As co-founder of the Apology Institute of America along with the redoubtable Nell Minow, I must give this "apology" an F. As the mantra goes when an "apology" gets a low grade, "You know what an apology sounds like. And that wasn't it."
For starters, we KNOW they're his words. That's actually the problem. Owning them doesn't make them go away, it means you accept that you said them. Which is a good thing, because in this case Mr. Navarro was on TV and the public saw him say it.
More problematic is that I've been searching through the text of his quote, looking for the word "apology" or "sorry" in regards to his mistake. As far as I can tell, since they appear to be absent and given that he owns them, he's okay with having said them. For all we know, the only mistake he seems to be referring to is that he said them out loud, in public, on TV where everyone could hear them. And play them back repeatedly.

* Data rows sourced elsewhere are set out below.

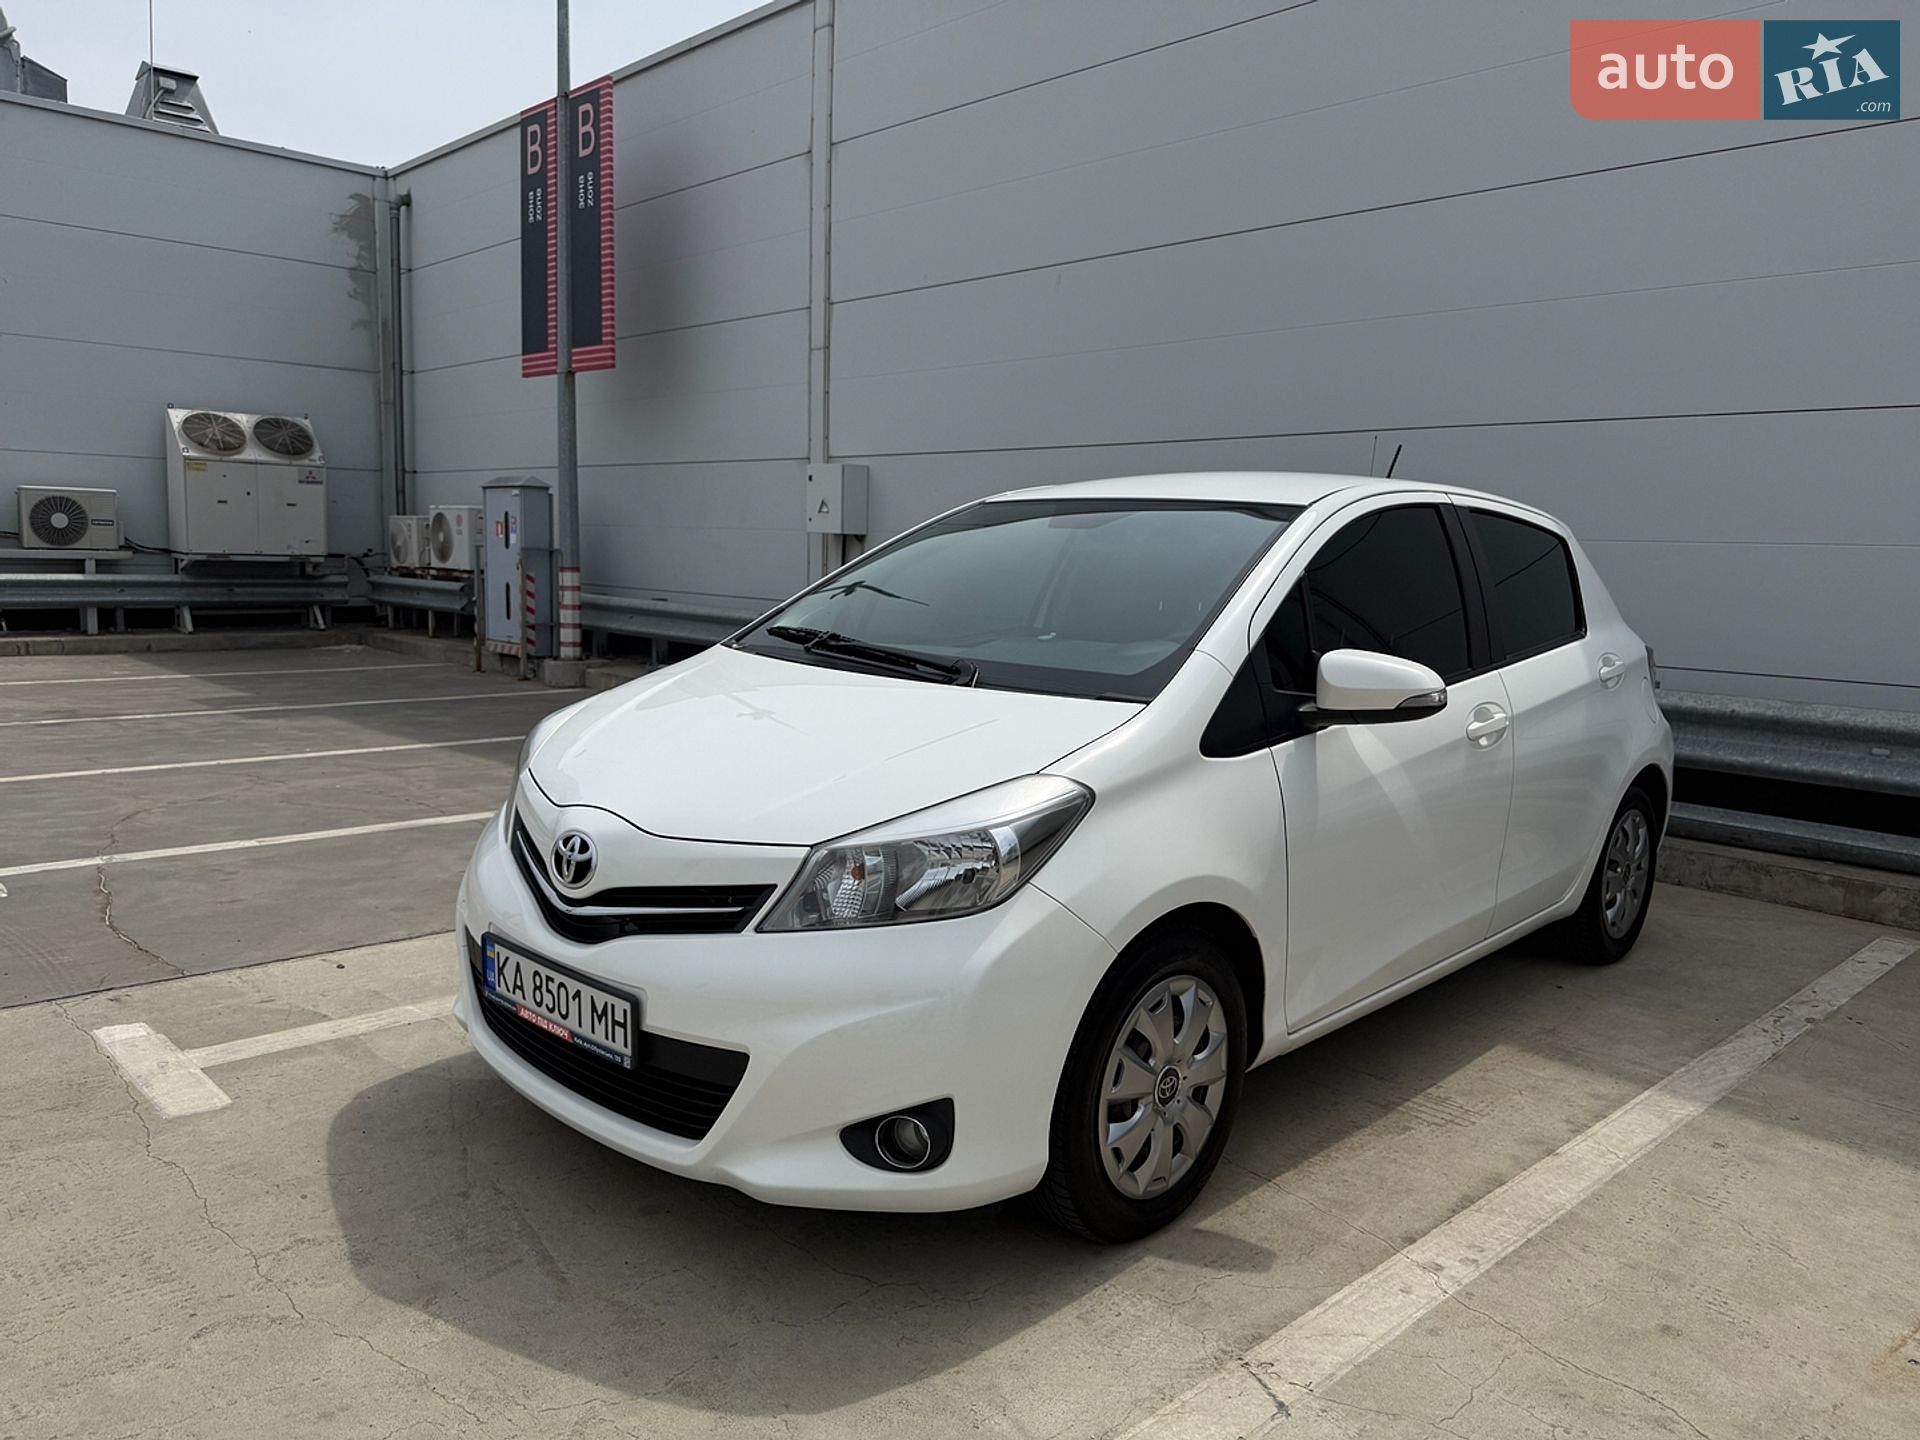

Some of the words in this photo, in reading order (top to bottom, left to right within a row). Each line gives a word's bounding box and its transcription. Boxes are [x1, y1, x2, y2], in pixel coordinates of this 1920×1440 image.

[527, 124, 542, 175] B
[578, 103, 594, 157] B
[496, 951, 526, 1001] KA
[532, 969, 582, 1028] 8501
[591, 995, 629, 1049] MH

Indeed, he starts his comments on the subject by saying merely that all he wants to do is "correct a mistake" he made. Which he latter repeats that it was just a "mistake." Those are not the words of someone apologizing. Correcting a mistake is like when you said that Canada burned the White House, but you really meant it was the British.
Only when pressed by the moderator after finishing if he was apologizing, he dismissively mumbles almost under his breath, "Yeah, absolutely" but very quickly moves past that to say that what he learned is he should stick to policy. That says he wasn't wrong about what he had said, just that he shouldn't have said it out loud.